I have seen several solution to problems similar to this one, but none that effectively works in my case.
Upvotes: 1
Views: 319
Reputation: 5788
Long Base R solution with "best" vector containing the names of all of the best vectors:
# Store as a variable the names of the raw data vectors:
# dvecs => character vector
dvecs <- setdiff(names(df), c("ID", "max"))
# Store a matrix of booleans denoting if the column contains the max value:
# bool_test => logical matrix
bool_test <- df$max == df[,dvecs]
# Store a vector containing the names of the columns with the max values:
# best => character vector
df$best <- apply(
data.frame(
vapply(
seq_along(dvecs),
function(i) {
ifelse(bool_test[, i], dvecs[i], NA_character_)
},
character(nrow(bool_test))
)
),
1,
function(x) {
paste0(na.omit(x), collapse = ", ")
}
)
Upvotes: 0
Reputation: 388807
You can use max.col
:
cols <- grep('CO|ED', names(df), value = TRUE)

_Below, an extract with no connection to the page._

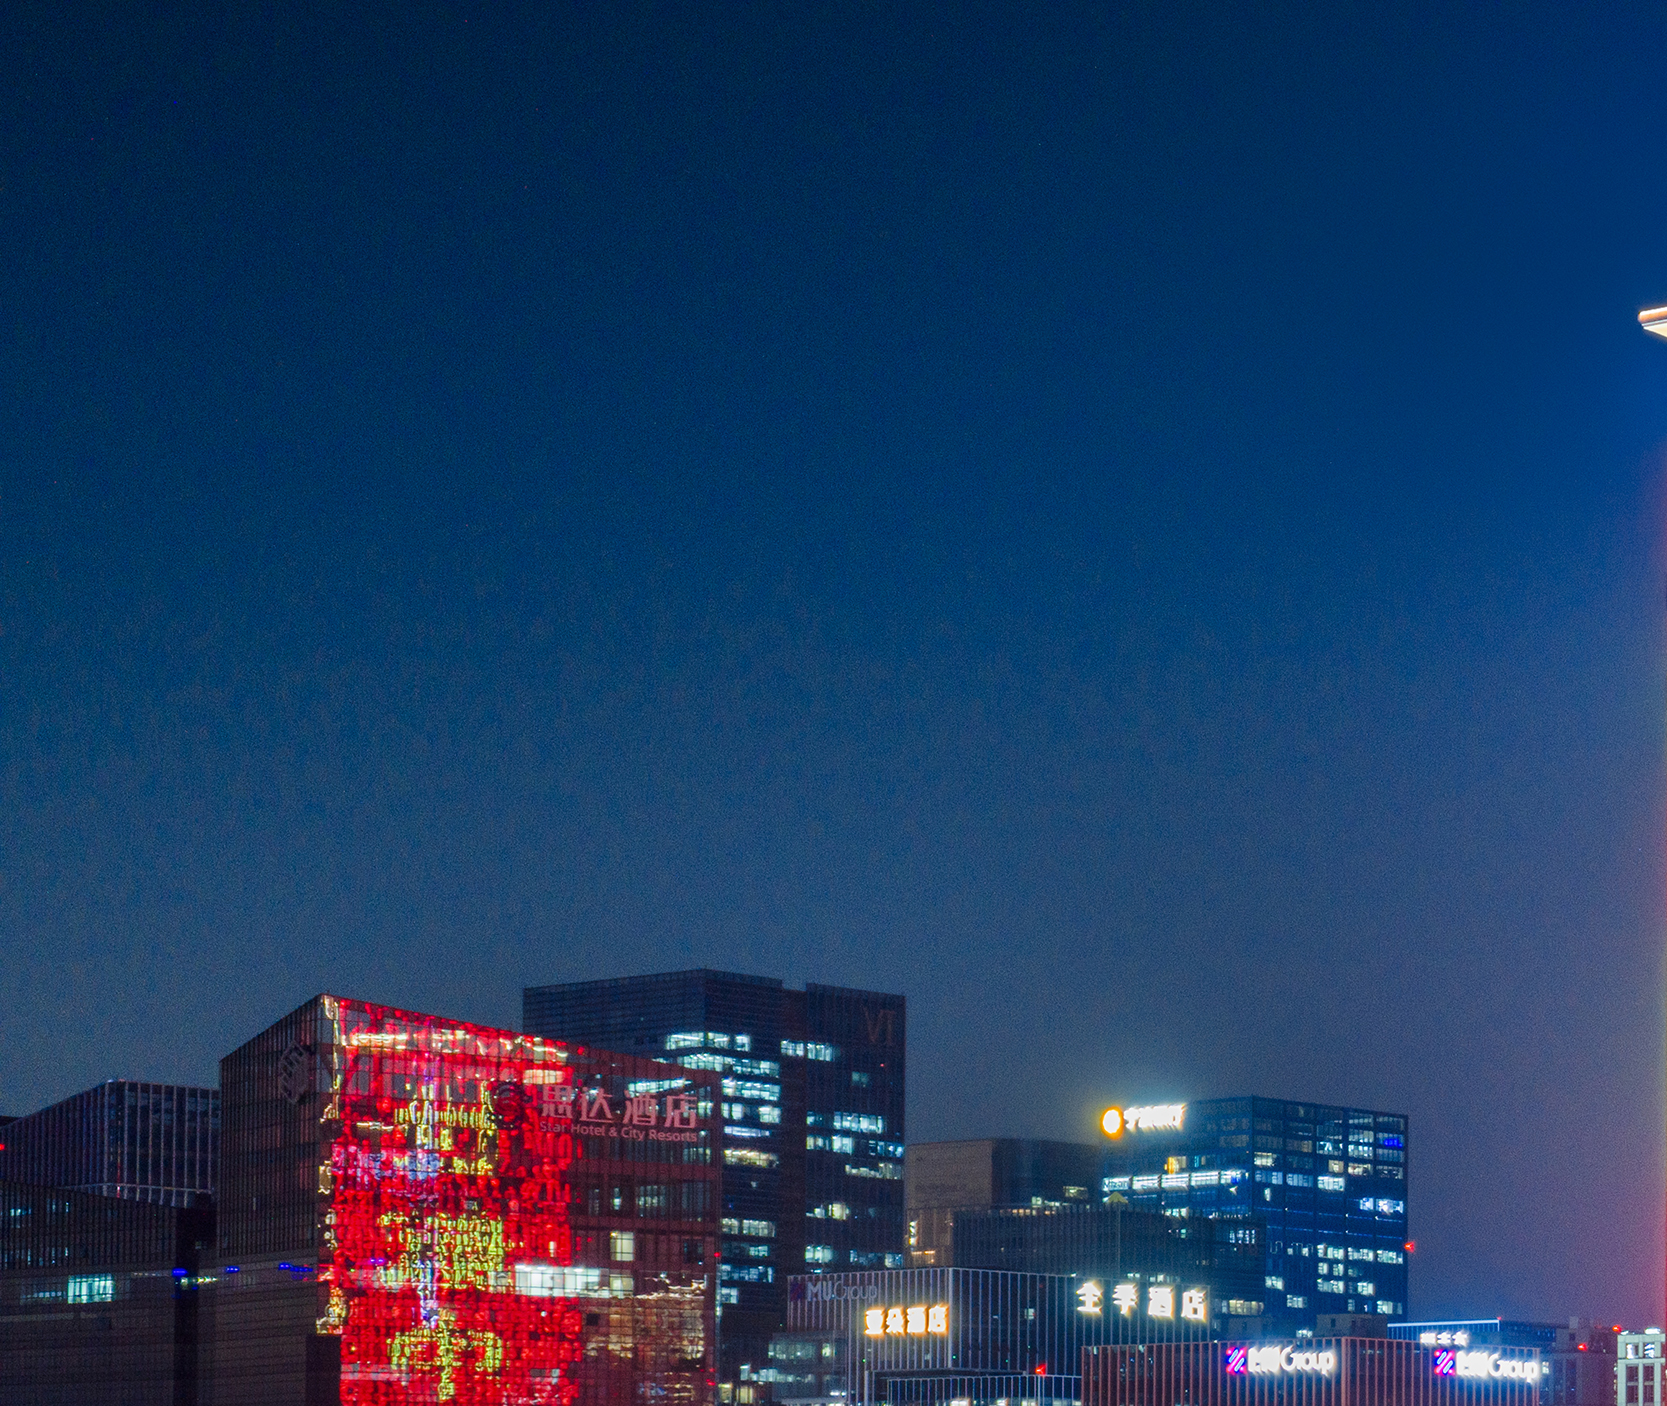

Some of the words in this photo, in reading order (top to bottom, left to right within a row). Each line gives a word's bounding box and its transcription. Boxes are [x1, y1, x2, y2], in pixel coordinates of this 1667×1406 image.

df$best <- cols[max.col(df[cols] == df$max)]
df
# ID CO1 CO2 ED1 ED2 max best
#1 1 1 2 1 3 3 ED2
#2 2 1 3 3 2 3 CO2
#3 3 4 2 2 1 4 CO1
#4 4 3 3 4 4 4 ED1
#5 10 1 1 1 1 1 ED2
You can check ties.method
in ?max.col
to get first/last match in each row.
data
df <- structure(list(ID = c(1L, 2L, 3L, 4L, 10L), CO1 = c(1L, 1L, 4L,
3L, 1L), CO2 = c(2L, 3L, 2L, 3L, 1L), ED1 = c(1L, 3L, 2L, 4L,
1L), ED2 = c(3L, 2L, 1L, 4L, 1L), max = c(3L, 3L, 4L, 4L, 1L)),
row.names = c(NA, -5L), class = "data.frame")
Upvotes: 2
Reputation: 5419
No need to be overly fancy:
d <- read.table(text=
" ID CO1 CO2 ED1 ED2 max
1 1 2 1 3 3
2 1 3 3 2 3
3 4 2 2 1 3
4 3 3 4 4 4
10 1 1 1 1 1
", header=TRUE )
max.columns <- d %>% select(matches("CO|ED")) %>%
apply( 1, which.max )
d$best <- colnames(d)[ max.columns+1 ]
d
Outputs:
> d
ID CO1 CO2 ED1 ED2 max best
1 1 1 2 1 3 3 ED2
2 2 1 3 3 2 3 CO2
3 3 4 2 2 1 3 CO1
4 4 3 3 4 4 4 ED1
5 10 1 1 1 1 1 CO1
Upvotes: 0